Santa Fe New Mexican: PRC votes to kill ‘standby fee’ charged to Eastern New Mexico customers

In a 4-1 vote Wednesday, the state Public Regulation Commission decided to do away with a fee that a major electric company in Eastern New Mexico charges owners of rooftop solar energy systems.

The vote came weeks after a hearing officer recommended the commission make Southwestern Public Service Co. stop collecting the “standby fee” from customers with solar systems, saying a study the utility used to justify the charge was “riddled with errors and unreliable.”

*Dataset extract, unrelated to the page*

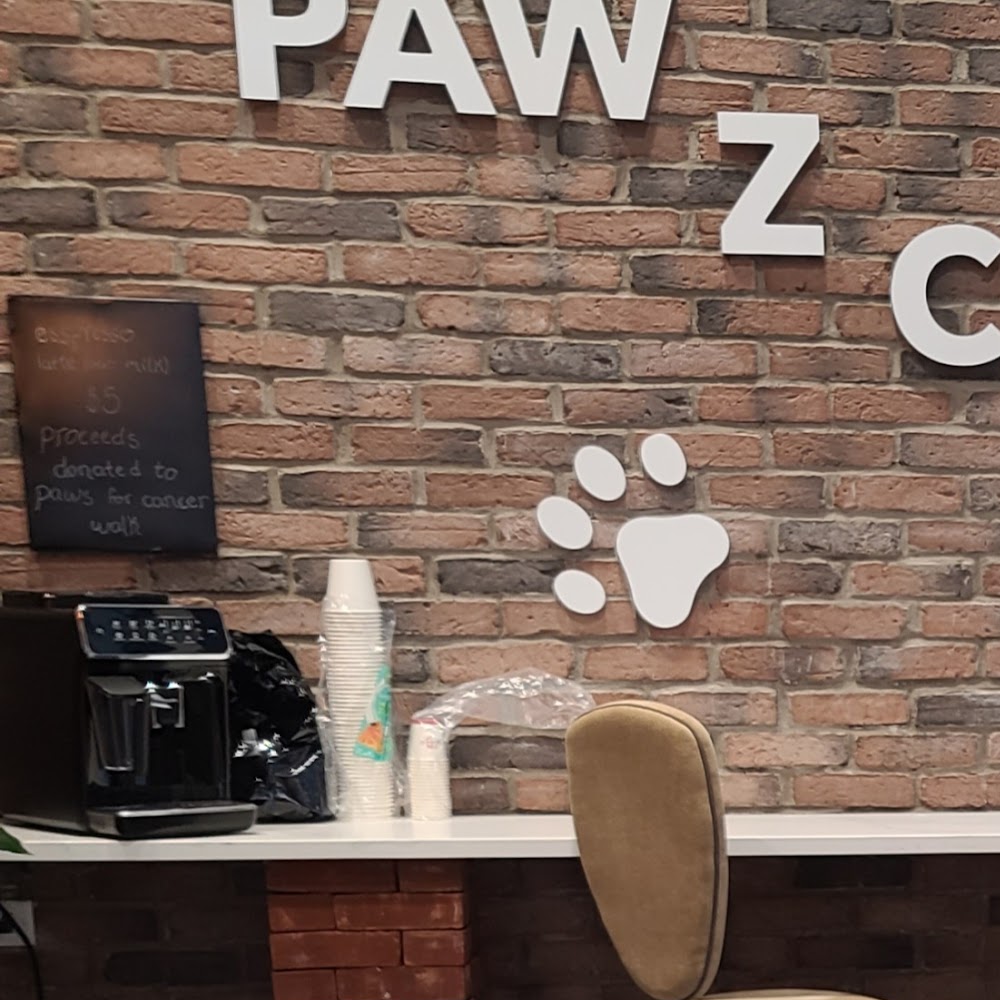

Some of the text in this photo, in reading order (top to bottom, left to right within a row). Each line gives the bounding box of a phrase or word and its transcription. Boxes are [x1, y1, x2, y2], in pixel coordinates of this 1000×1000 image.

The commission also ruled Southwestern Public Service must reimburse customers more than $10 million over the next 18 months. That’s how much the company has saved since the federal tax cut bill went into effect in January.

 

Voting in favor of approving the order were Commissioners Patrick Lyons, R-Cuervo; Valerie Espinoza, D-Santa Fe; Lynda Lovejoy, D-Crownpoint; and Cynthia Hall, D-Albuquerque.

Commissioner Sandy Jones, D-Williamsburg, cast the only opposing vote. He said Southwestern Public Service, a subsidiary of Xcel Energy, has made “significant investments” in New Mexico, including a large wind farm in Eastern New Mexico.

“They didn’t do coal or other things everyone thinks is horrible,” Jones said. “They did wind.”

The utility had sought an 11.6 percent increase in the solar fee, which intervenors in the rate case say currently averages about $28 a month. The charge, which has been in effect since 2010, has stunted the solar industry in Eastern New Mexico, critics say.

Megan O’Reilly, a Taos lawyer representing the Coalition for Clean Affordable Energy — which, along with a group called Vote Solar, intervened in the rate case — said last month there are only 110 solar customers, a mere fraction of the Public Service Company of New Mexico’s 12,379 customers with solar energy systems (11,820 residential and 559 commercial) and the 2,766 interconnected solar systems in El Paso Electric’s New Mexico service territory as of last year.

 

Environmentalists have said that if the commission allowed the solar fee to remain, it might tempt other utilities such as PNM and El Paso Electric to impose such surcharges on their own customers.

Southwestern Public Service claimed in documents filed with the commission the fee is necessary because the company must maintain standby capacity to serve solar customers any time their sun-powered systems don’t generate enough energy. The company argued all parts of its system are necessary to maintain reliability.

The company contended prohibiting the fee would mean other customers who pay to maintain the utility’s system would in effect be subsiding those with solar systems.

But hearing officer Carolyn Glick wrote that the company failed to demonstrate the surcharge “appropriately recovers the costs of ancillary and standby services” used by solar customers or that the fee is “based in any actual difference in costs the company incurs to serve [solar] customers.”

Southwestern Public Service can’t show it “provides distinct ‘standby service’ for [solar] customers that it does not already provide to all full-requirements customers,” Glick wrote.